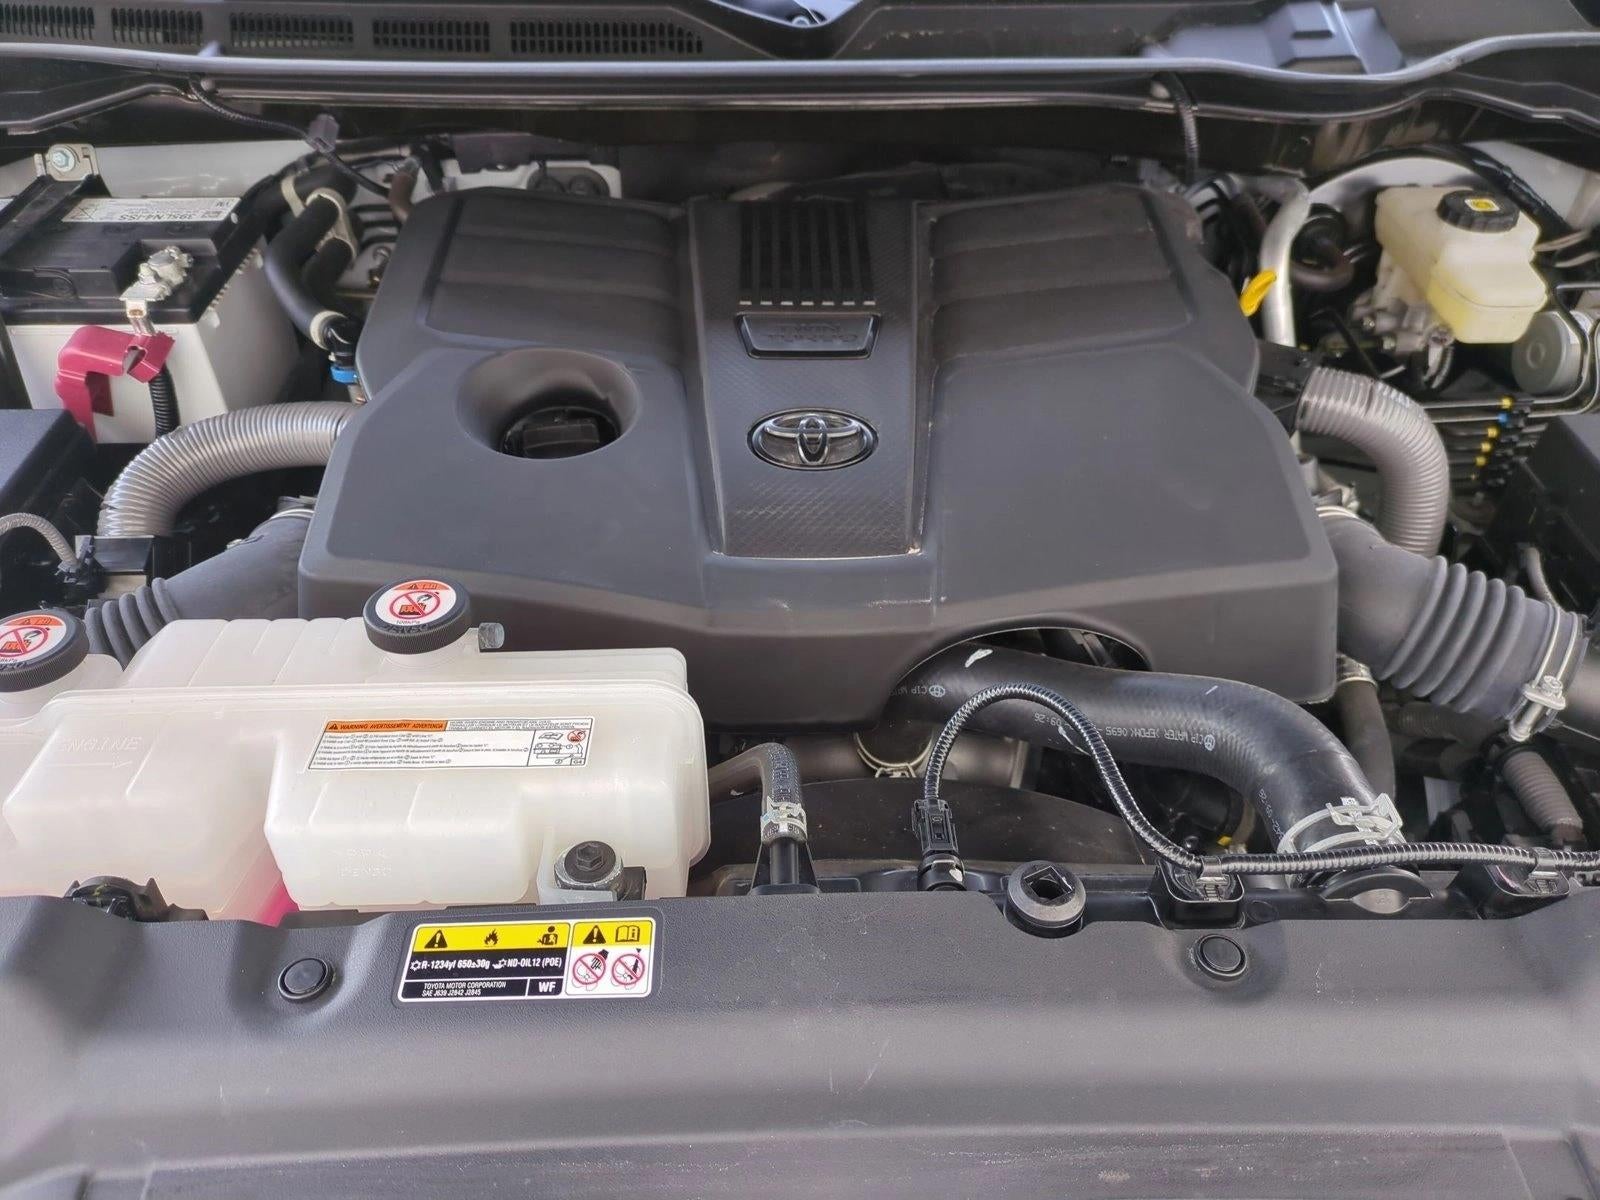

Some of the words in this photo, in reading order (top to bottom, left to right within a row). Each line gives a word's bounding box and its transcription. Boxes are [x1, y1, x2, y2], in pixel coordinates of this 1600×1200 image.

[421, 959, 457, 971] R-1234yf
[541, 957, 562, 969] (POE)
[424, 982, 445, 990] TOYOTA
[467, 981, 507, 989] CORPORATION
[538, 981, 557, 993] WF
[421, 989, 433, 997] SAE

+---+

Transcribe all of the material exactly and leave out its pictures.

Some of the words in this photo, in reading order (top to bottom, left to right within a row). Each line gives a word's bounding box and its transcription. Boxes are [x1, y1, x2, y2], in pixel coordinates of this 1600×1200 image.

[421, 959, 457, 971] R-1234yf
[541, 957, 562, 969] (POE)
[424, 982, 445, 990] TOYOTA
[467, 981, 507, 989] CORPORATION
[538, 981, 557, 993] WF
[421, 989, 433, 997] SAE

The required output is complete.